On June 2, 2014, the Washington State Court of Appeals issued a published opinion regarding what constitutes a “suit” in the context of environmental liability claims under the Model Toxics Control Act (MTCA). The court held there must be “an explicit or implicit threat” from a government agency of “immediate and severe consequences by reason of the contamination” in order to trigger the duty to defend, and that no such threat was present. Gull Industries, Inc. v. State Farm Fire & Cas. Co., et al., No. 69569-0-I. The opinion is significant in light of existing Washington law that states an insurer may be required to indemnify an owner or operator of contaminated property even if no agency has taken or overtly threatened formal legal action. See, e.g., Weyerhaeuser Co. v. Aetna Cas. & Sur. Co., 123 Wn.2d 891, 896-97, 874 P.2d 142 (1994).
The Gull appellate decision stems from litigation initiated by Gull Industries, Inc. (Gull) against multiple commercial liability insurers, in which Gull seeks declarations of coverage as to over 200 gas stations it owned, operated or leased. Two of the insurer defendants, Transamerica Insurance Group (TIG) and State Farm Fire and Casualty Company (State Farm), moved for summary judgment on the issue of whether their duty to defend was triggered at a station located in Sedro-Woolley, Wash.1
The TIG and State Farm policies contained similar language regarding the duty to defend; namely, that the insurer “shall have the right and duty to defend any suit against the insured seeking damages” for covered damages, “even if any of the allegations of the suit are groundless, false or fraudulent.” The policies did not define suit. The trial court granted the insurers’ motions and certified the ruling for immediate appeal.
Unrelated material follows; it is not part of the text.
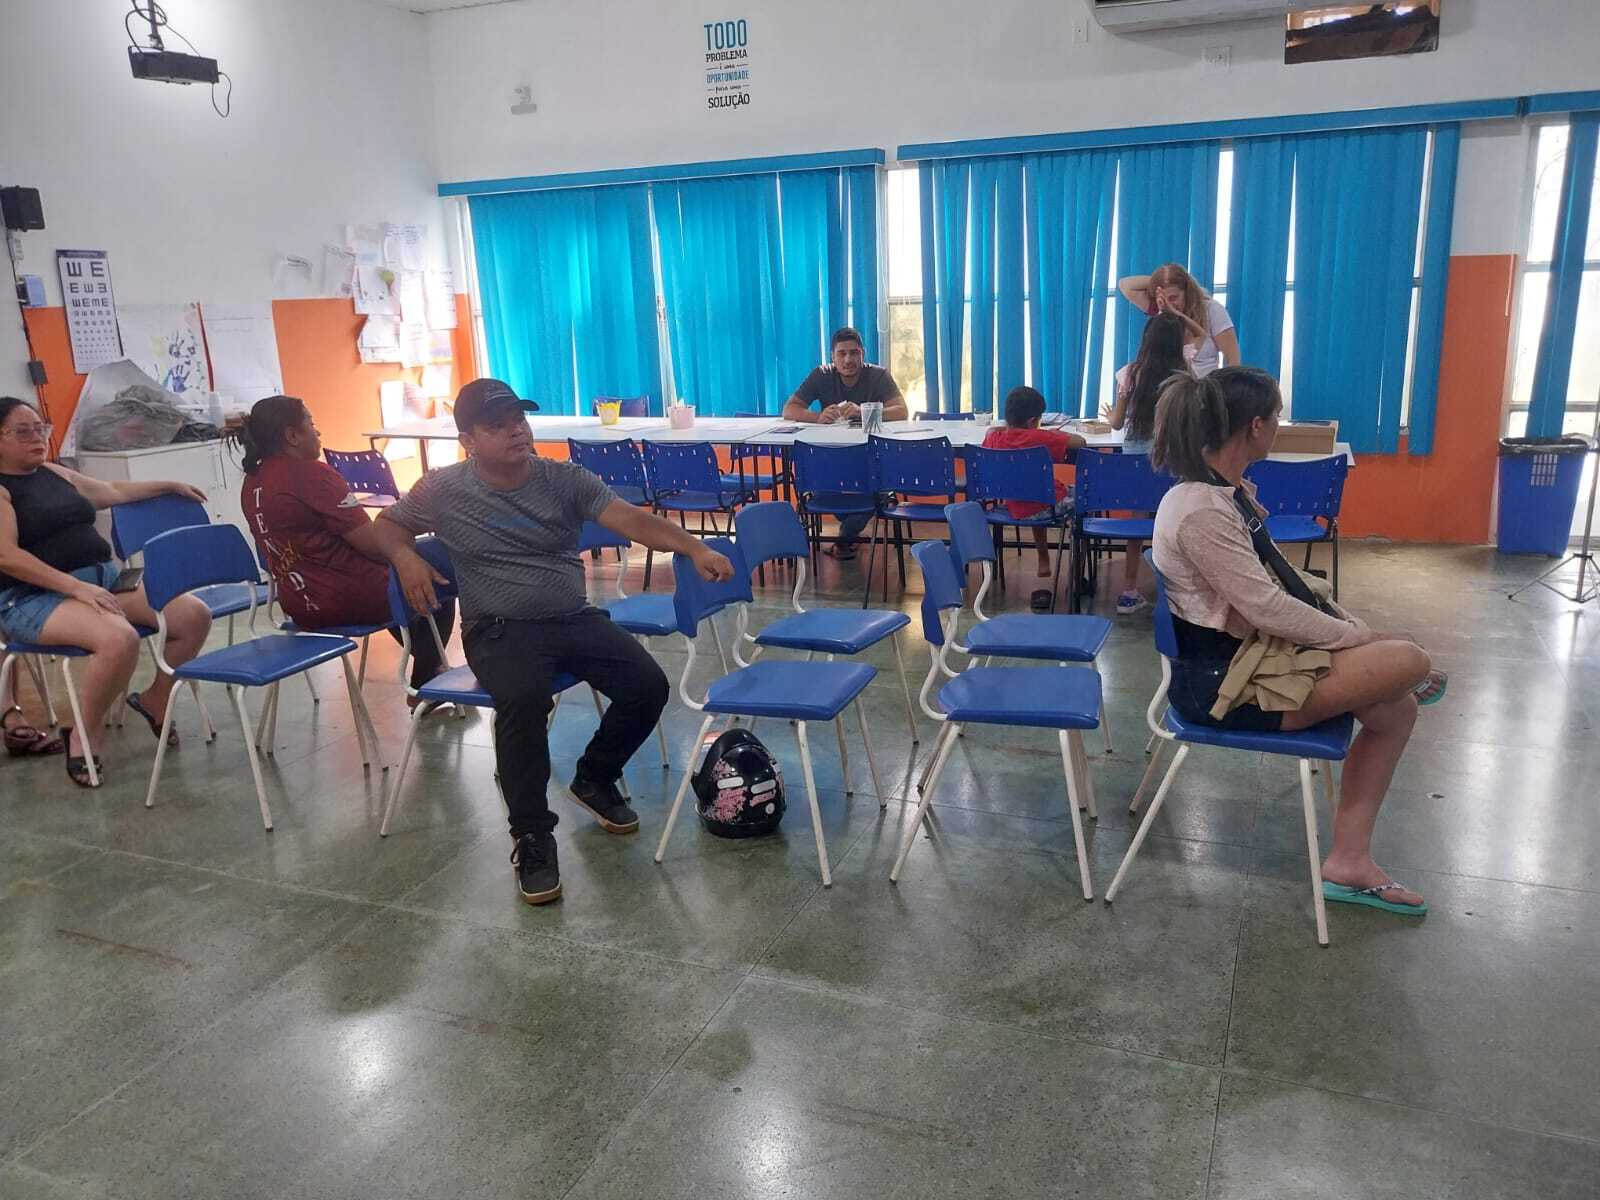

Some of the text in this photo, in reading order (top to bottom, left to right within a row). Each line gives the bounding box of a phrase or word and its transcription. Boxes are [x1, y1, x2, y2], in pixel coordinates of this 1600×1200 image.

[704, 19, 748, 51] TODO
[705, 49, 748, 63] PROBLEMA
[706, 70, 750, 83] OPORTUNIDADE
[707, 92, 751, 110] SOLUÇÃO
On appeal, the court recognized that the “MTCA compels a potentially liable person (PLP) to address environmental contamination through strict joint and several liability provisions regardless of fault or intent” and that, under Weyerhaeuser v. Aetna, supra, an insurer might have to indemnify its insured for cleanup costs even if the insured has not been threatened with formal legal action. The court also noted, however, that inWeyerhaeuser, “the Supreme Court concluded that nothing in the language of the insurance policy required a ‘claim’ or an overt threat of action before the insured became legally obligated to comply with the mandatory provisions of the environmental statute.” In contrast to the language governing State Farm and TIG’s duty to defend, the policies at issue in Weyerhaeuser provided indemnification for all sums that the insured was obligated to pay by reason of the liability imposed by law for damages to property — they did not require a suit in order for coverage to attach.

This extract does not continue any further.